Free-text object descriptions
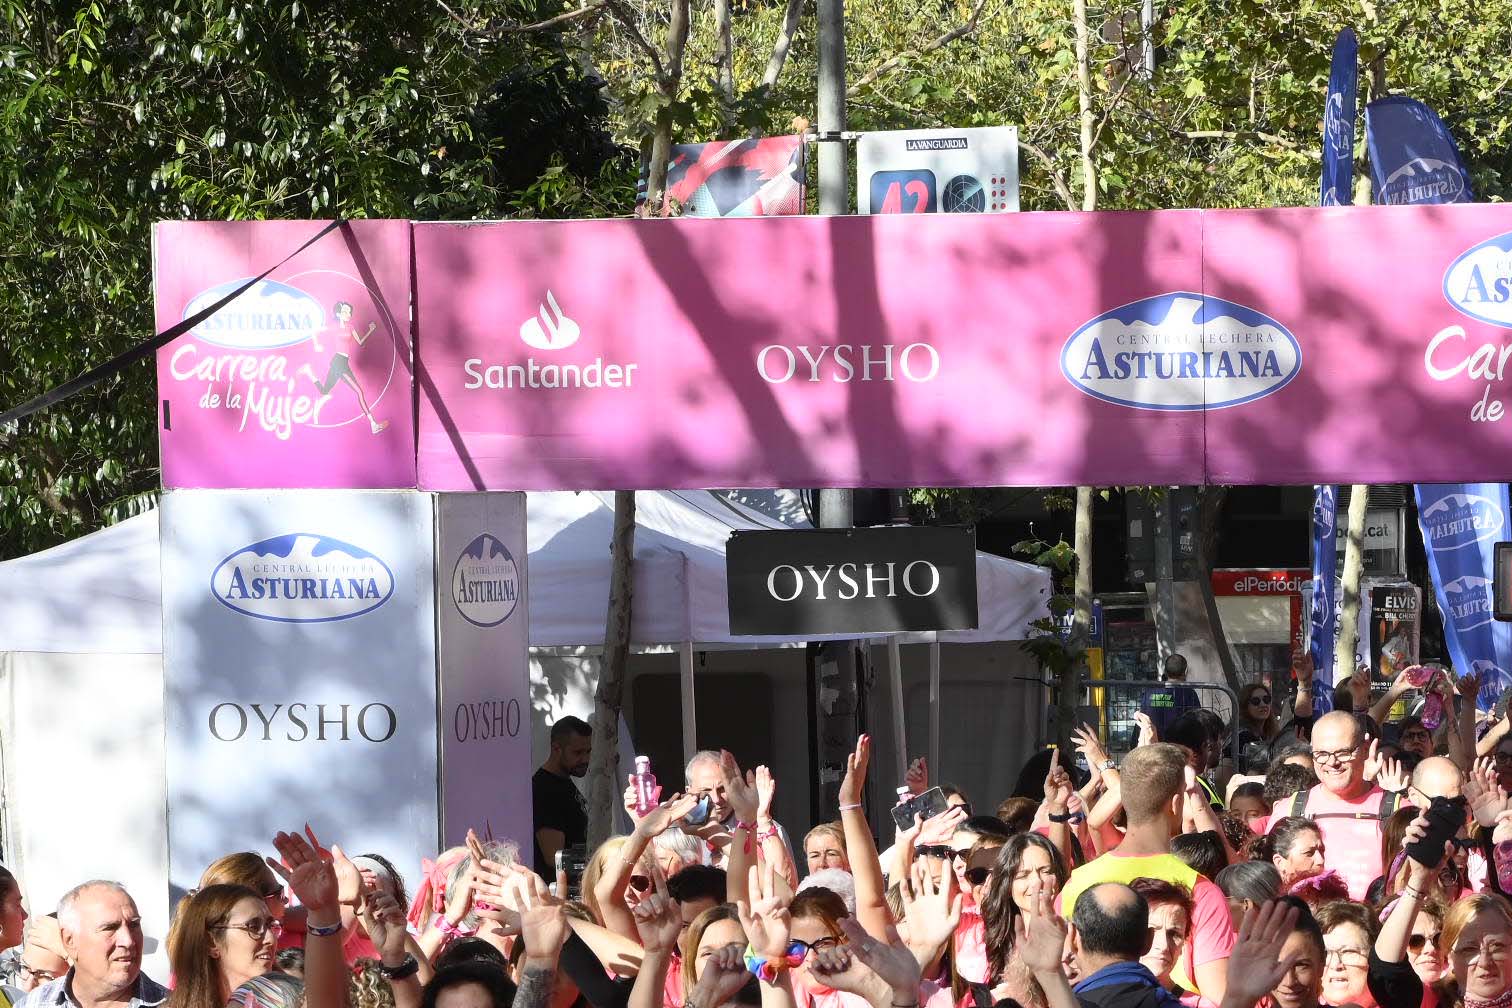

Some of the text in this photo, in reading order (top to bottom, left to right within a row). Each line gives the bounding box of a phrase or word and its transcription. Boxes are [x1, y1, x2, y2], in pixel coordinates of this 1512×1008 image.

[918, 137, 967, 149] VANGUARDIA
[170, 343, 288, 382] Carrera
[464, 358, 638, 390] Santander
[757, 343, 940, 383] OYSHO
[1080, 336, 1283, 380] ASTURIANA
[200, 383, 221, 409] de
[239, 379, 333, 441] Mujer
[1470, 384, 1505, 424] de
[225, 566, 381, 600] ASTURIANA
[457, 569, 516, 604] ASTURIANA
[767, 560, 940, 602] OYSHO
[1385, 596, 1416, 609] ELVIS
[208, 702, 397, 743] OYSHO
[454, 698, 521, 743] OYSHO

### Prompt
Since pictures are not part of the copy, set down only the remaining data exactly.

### Completed exercise
Some of the text in this photo, in reading order (top to bottom, left to right within a row). Each line gives the bounding box of a phrase or word and its transcription. Boxes are [x1, y1, x2, y2], in pixel coordinates of this 1512×1008 image.

[918, 137, 967, 149] VANGUARDIA
[170, 343, 288, 382] Carrera
[464, 358, 638, 390] Santander
[757, 343, 940, 383] OYSHO
[1080, 336, 1283, 380] ASTURIANA
[200, 383, 221, 409] de
[239, 379, 333, 441] Mujer
[1470, 384, 1505, 424] de
[225, 566, 381, 600] ASTURIANA
[457, 569, 516, 604] ASTURIANA
[767, 560, 940, 602] OYSHO
[1385, 596, 1416, 609] ELVIS
[208, 702, 397, 743] OYSHO
[454, 698, 521, 743] OYSHO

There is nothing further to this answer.